The economist Victor Lebow wrote these words in a 1955 paper on how to maintain the North American lifestyle. But this was the not the end of his chilling prognostication.

“These commodities and services must be offered to the consumer with a special urgency. We require not only “forced draft” consumption, but “expensive” consumption as well. We need things consumed, burned up, worn out, replaced, and discarded at an ever increasing pace. We need to have people eat, drink, dress, ride, live, with ever more complicated and, therefore, constantly more expensive consumption. The home power tools and the whole “do-it-yourself” movement are excellent examples of “expensive” consumption.”

56 years ago Lebow created a recipe for the world as we see it now – a plastic planet of over- consumed, throw-away products – and people. And in creating this society of consumers, we (all of us!) have created a world where human worth has become secondary to gadget-worth.

Funny to hear that from a geek eh?

Consider this… if the entire planet consumed goods at the rate of American and Canadian consumers, we would need FIVE planets worth of natural resources to sustain the Earth!

Or consider this… we see lots of pictures on the news about industrial accidents and pollution in China, India and the Third World. And yet the amount of green house gases being emitted from these countries is a fraction of the amount produced in North America and Europe! Even more damning is that with our global system of monitoring much of the green house gas emissions from these countries relates to manufacturing for the North American and European markets! In essence shifting part of our green house gas ‘blame’ to these countries STILL leaves us with a huge amount of emissions in our own backyard.

All this gloom, doom and over consumption has left us, as individuals with a huge case of ‘gas’, something a bazillion tons of Bromo Seltzer probably couldn’t get rid of. But the key to this huge problem may in fact rest on individual action.

If the demonstrations in Tahid Square and the Occupy! movement have taught us anything it is that people, as individuals, around the world are starting to wake up to what is wrong with our society. As Pogo so eloquently said “I have seen the Enemy, and He is US!” Granted there are probably more iPods than trees in the crowd in Wall Street, but 7 billion people around the world are starting to say “Whoa… hold on a second there!”.

We over-consume, period.

We need to starting saying “Do I really need that?”, period.

We need to start sharing what we have, period.

We need to start thinking of how to more effectively manage the resources we have, period.

The good news is that we are beginning to open our eyes, climb to the top of that fuzzy cardboard box we have been living in…and Lift The Flap!

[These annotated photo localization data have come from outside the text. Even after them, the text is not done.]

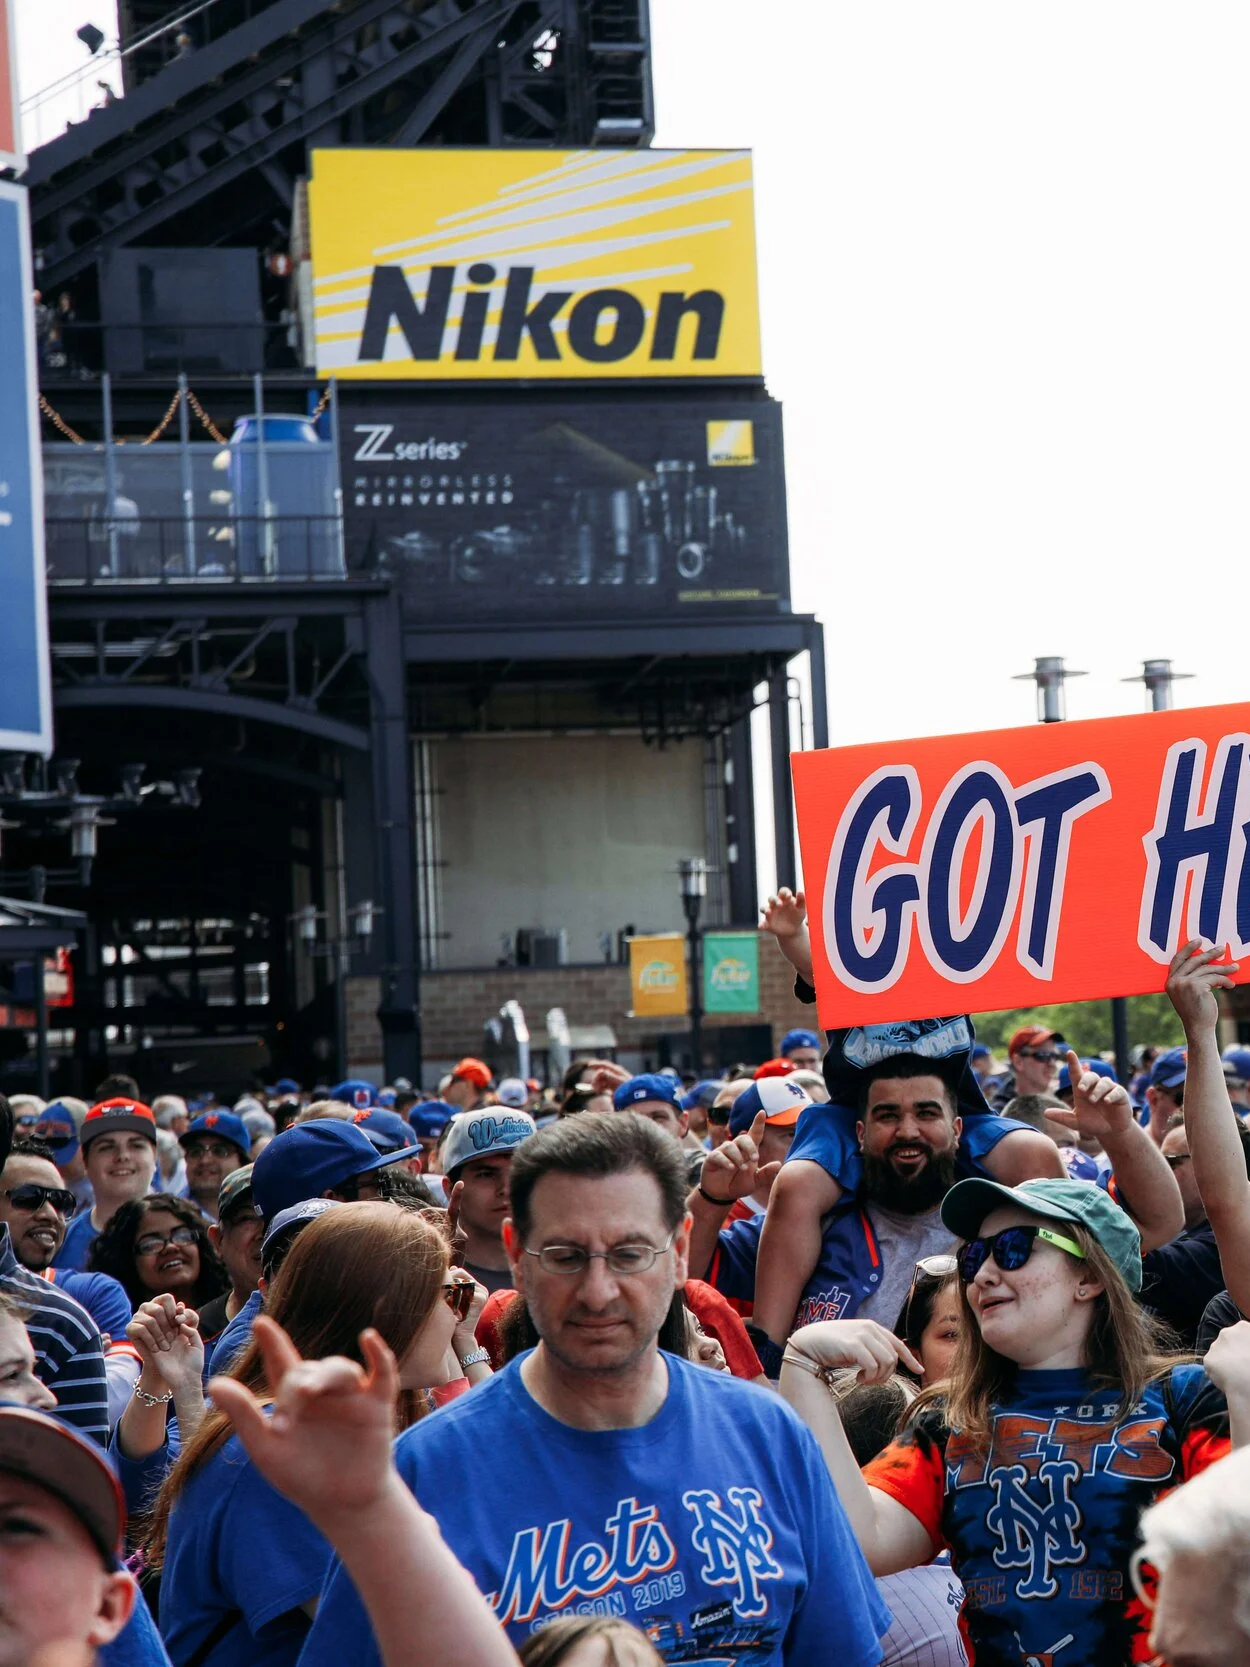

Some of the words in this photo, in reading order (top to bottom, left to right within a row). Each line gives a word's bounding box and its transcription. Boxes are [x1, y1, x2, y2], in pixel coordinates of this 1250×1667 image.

[357, 264, 725, 361] Nikon
[354, 425, 394, 461] Z
[394, 437, 461, 460] series
[826, 764, 1109, 993] GOT
[912, 1023, 970, 1059] WORLD
[944, 1412, 1176, 1496] METS
[490, 1497, 676, 1626] Mets
[682, 1487, 784, 1618] NY
[986, 1459, 1087, 1598] NY
[632, 1571, 686, 1612] 2019
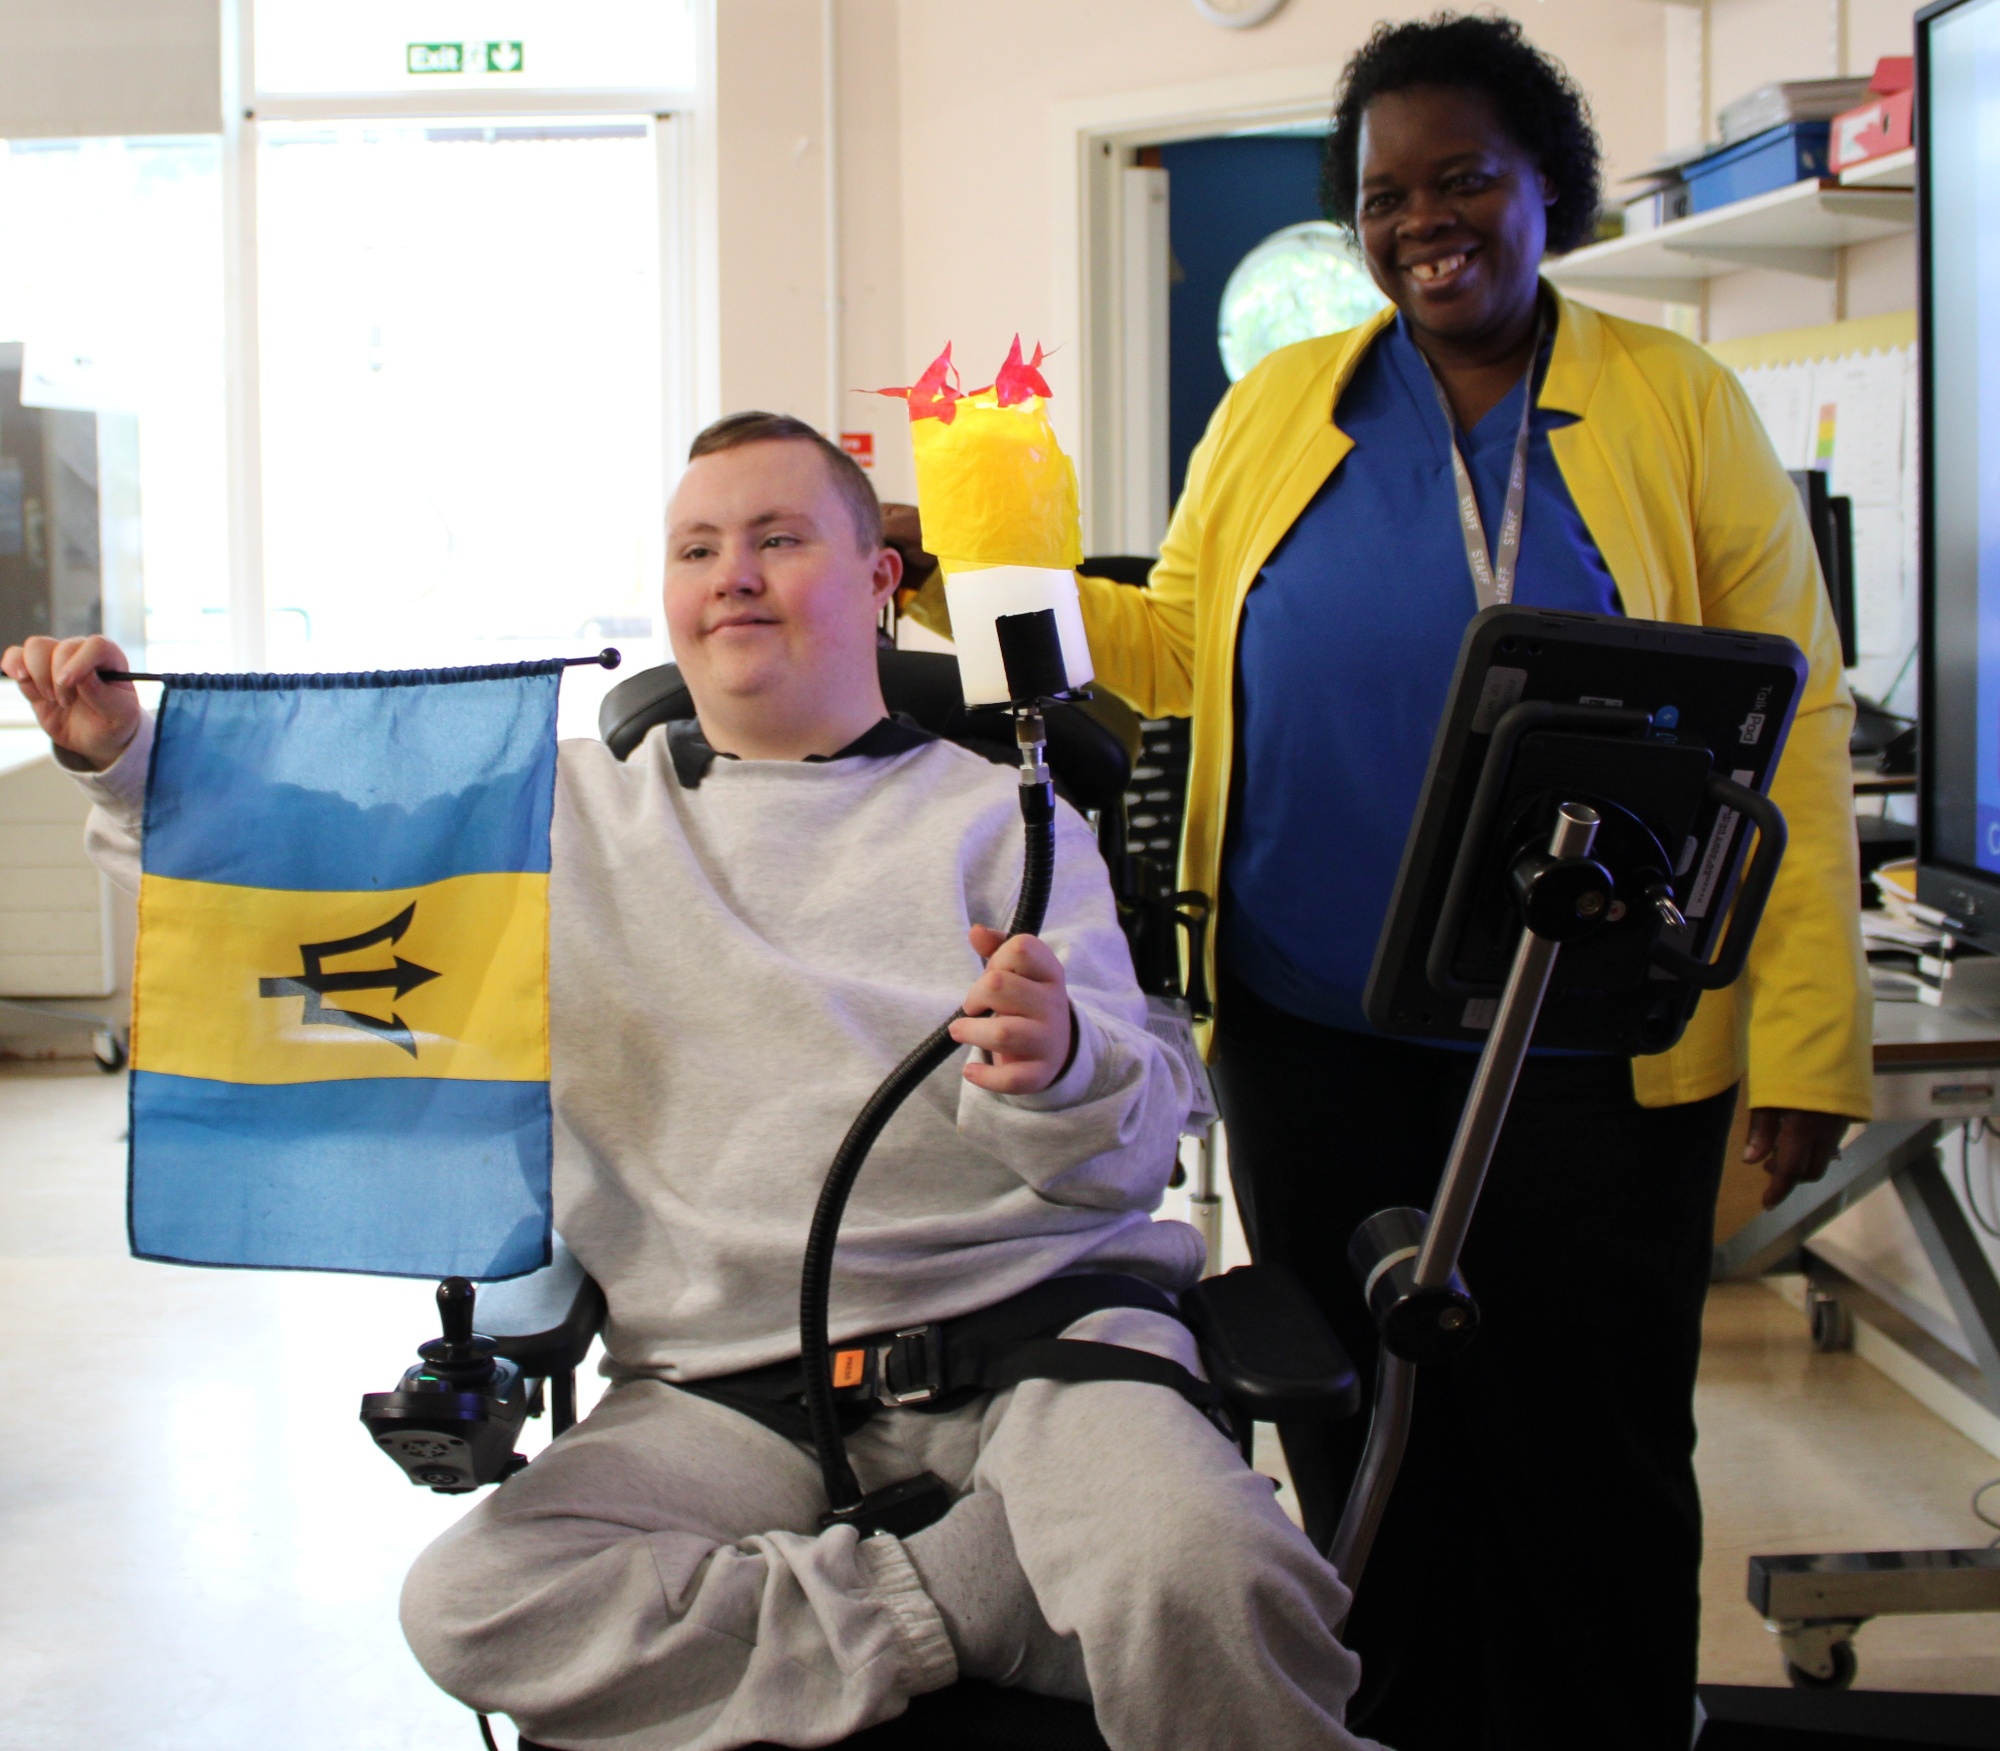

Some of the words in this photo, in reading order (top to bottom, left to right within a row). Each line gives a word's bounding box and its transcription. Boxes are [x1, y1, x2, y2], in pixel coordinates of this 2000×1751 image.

The world is a huge place, filled with individuals, each one a living, breathing entity with the ability to think for themselves. I bet if we put our 7 billion heads together we could come up with some pretty cool solutions. Might take awhile and it sure might not make some of our major manufacturers and shareholders too happy, but at the end of the day it might just give us back the only home we have ever known.

And the individuality we started to lose 56 years ago.